Although no immediate cure is in sight, a new understanding of ADHD may be just over the horizon. Using a variety of research tools and methods, scientists are beginning to uncover new information on the role of the brain in ADHD and effective treatments for the disorder.
Such research will ultimately result in improving the personal fulfillment and productivity of people with ADHD.
For example, the use of new techniques like brain imaging to observe how the brain actually works is already providing new insights into the causes of ADHD.
Other research is seeking to identify conditions of pregnancy and early childhood that may cause or contribute to these differences in the brain. As the body of knowledge grows, scientists may someday learn how to prevent these differences or at least how to treat them.
NIMH and the U.S. Department of Education are cosponsoring a large national study–the first of its kind–to see which combinations of ADHD treatment work best for different types of children.

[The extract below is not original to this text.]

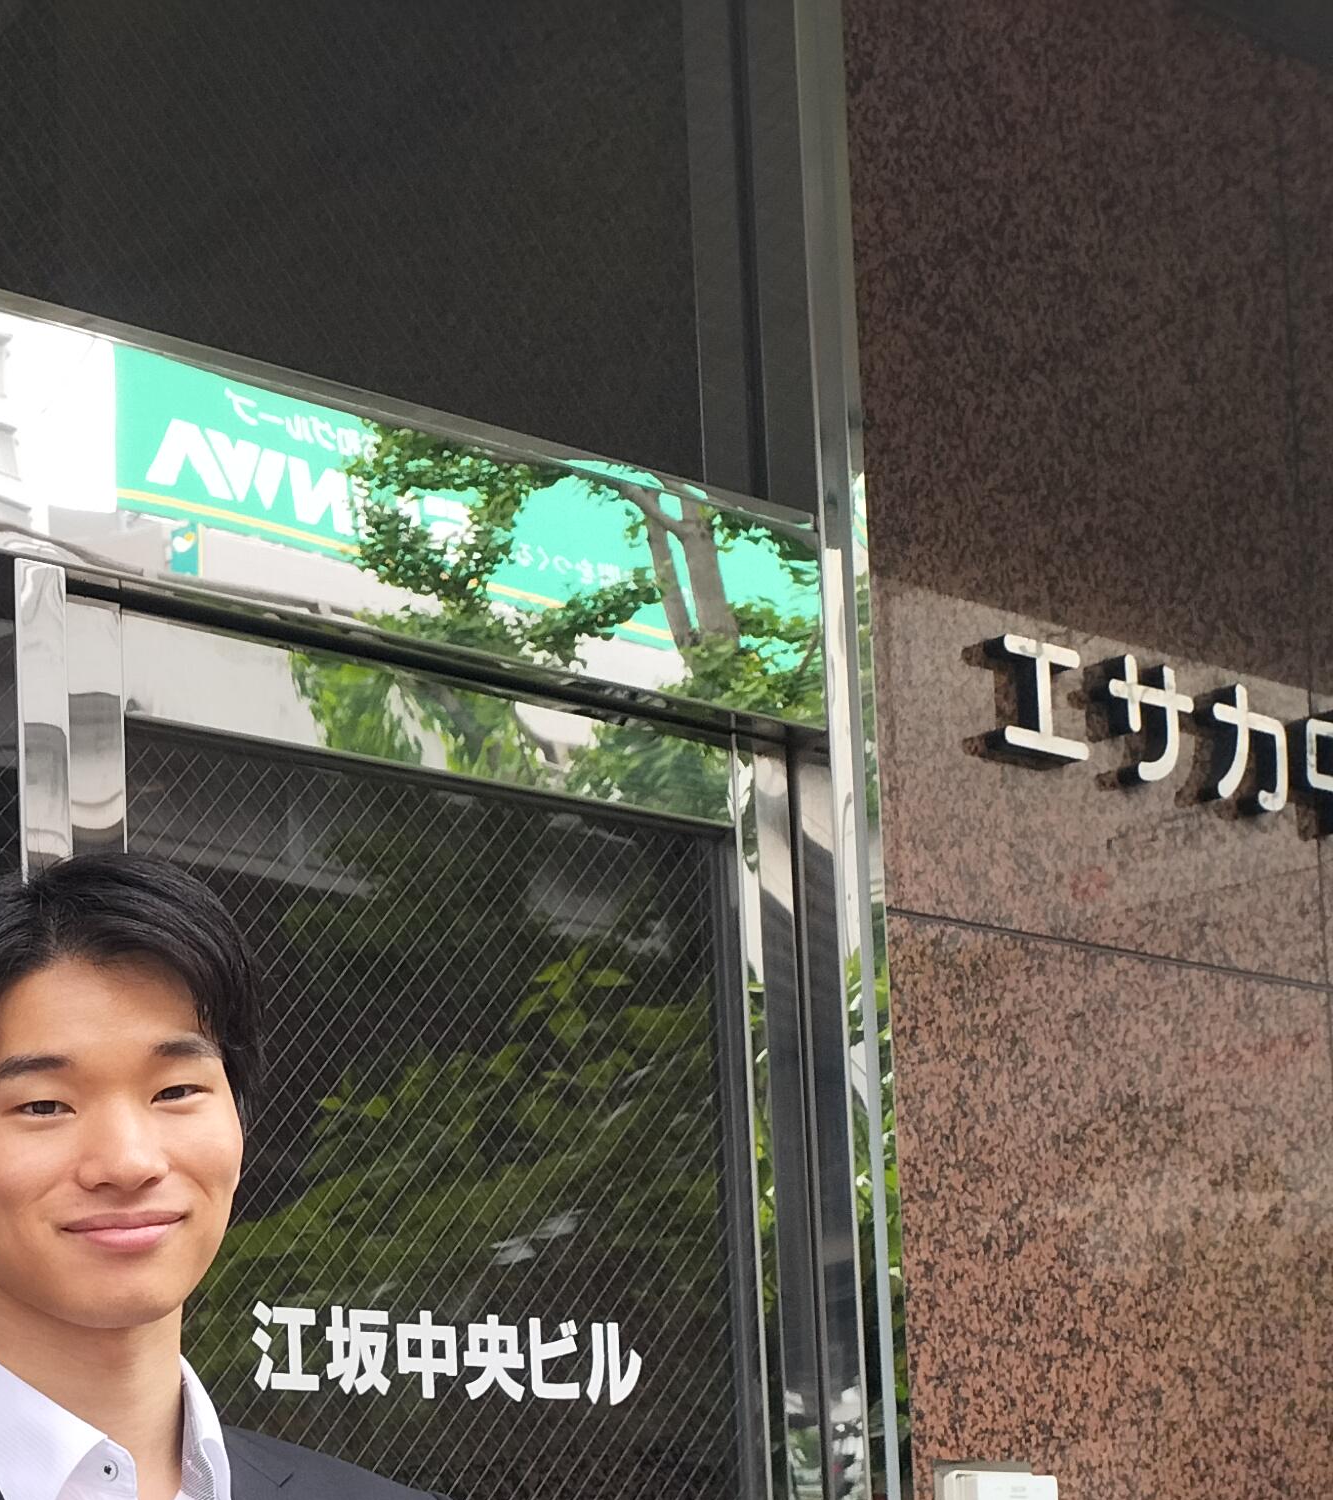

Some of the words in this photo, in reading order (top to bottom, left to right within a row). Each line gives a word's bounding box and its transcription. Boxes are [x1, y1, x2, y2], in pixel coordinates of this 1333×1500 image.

[252, 1300, 643, 1406] 江坂中央ビル
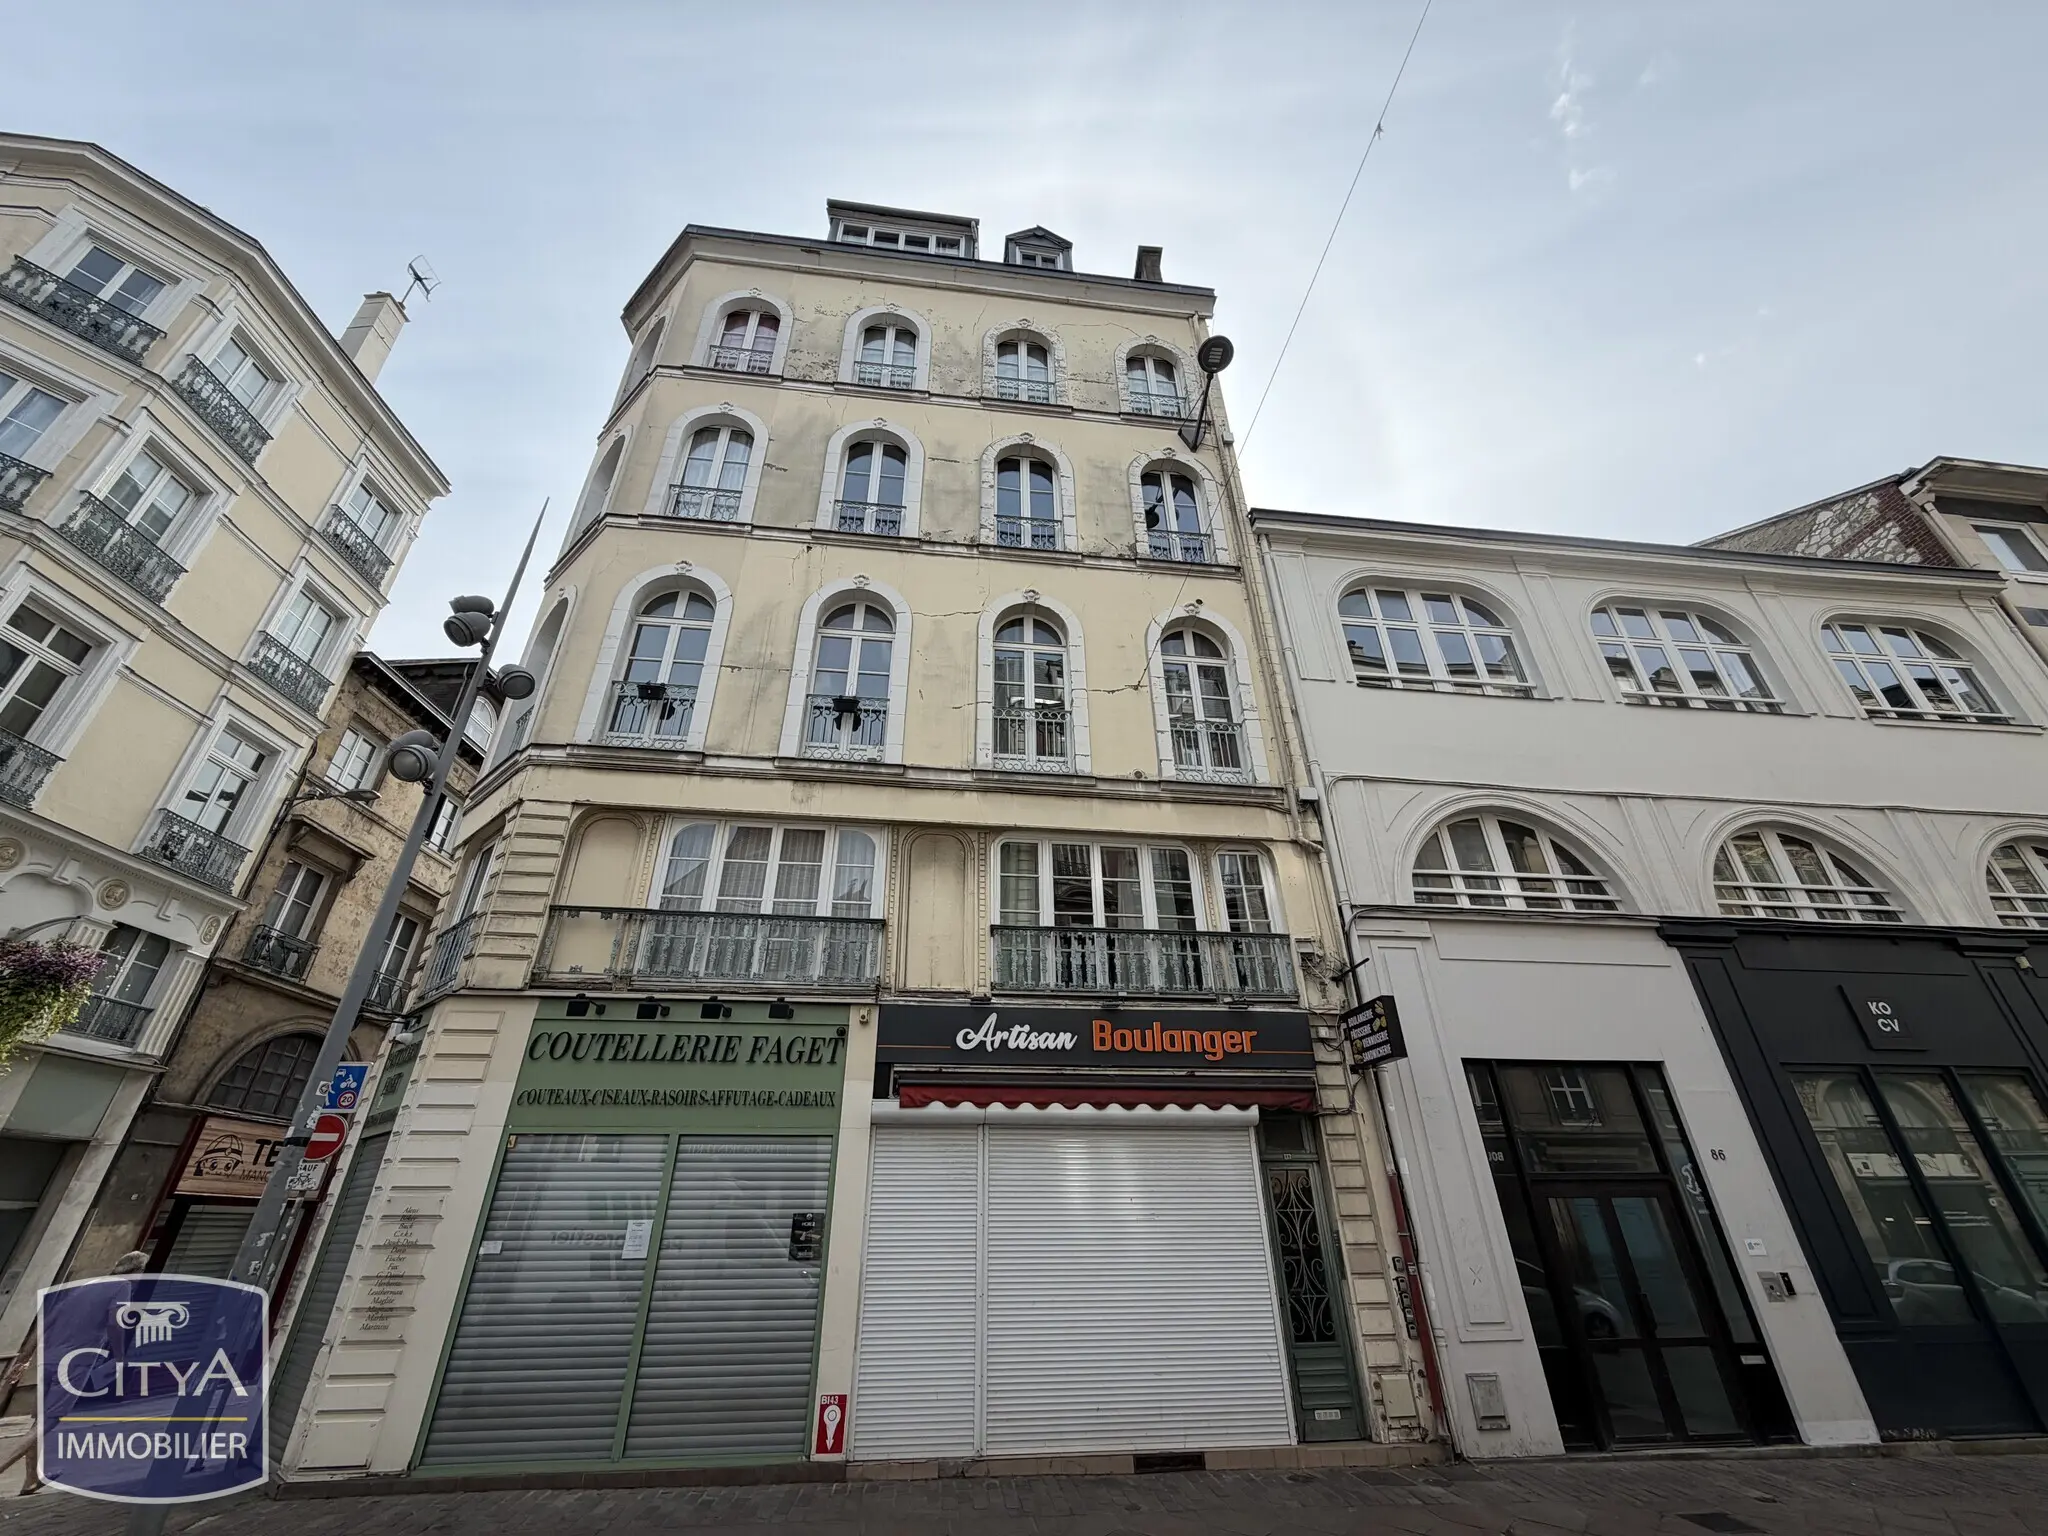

During this 5-year study, scientists at research clinics across the country will work together in gathering data to answer such questions as: Is combining stimulant medication with behavior modification more effective than either alone?
Do boys and girls respond differently to treatment? How do family stresses, income, and environment affect the severity of ADHD and long-term outcomes? How does needing medicine affect children’s sense of competence, self-control, and self-esteem?
As a result of such research, doctors and mental health specialists may someday know who benefits most from different types of treatment and be able to intervene more effectively.
NIMH grantees are also trying to determine if there are different varieties of attention deficit. With further study, researchers may find that ADHD actually covers a number of different disorders, each with its own cluster of symptoms and treatment requirements.
For example, scientists are exploring whether there are any critical differences between children with ADHD who also have anxiety, depression, or conduct disorders and those who do not.
Other researchers are studying slight physical differences that might distinguish one type of ADHD from another. If clusters of differences can be found, scientists can begin to distinguish the treatment each type needs.
Other NIMH-sponsored research is examining the long-term outcome of ADHD. How do children with ADHD turn out, compared to brothers and sisters without the disorder? As adults, how do they handle their own children?
Still other studies seek to better understand ADHD in adults. Such studies give insights into what types of treatment or services make a difference in helping an ADHD child grow into a caring parent and a well-functioning adult.
Animal studies are also adding to our knowledge of ADHD in humans. Animal subjects make it possible to study some of the possible causes of ADHD in ways that can’t be studied in people.
In addition, animal research allows the safety and effectiveness of experimental new drugs to be tested long before they can be given to humans. One NIH-sponsored team of scientists is studying dogs to learn how new stimulant drugs that are similar to Ritalin act on the brain.
Piece by piece, through studies of humans and animals, scientists are beginning to understand the biological nature of attention disorders. New research is allowing us to better understand the inner workings of the brain as we continue to develop new medications and assess new forms of treatment.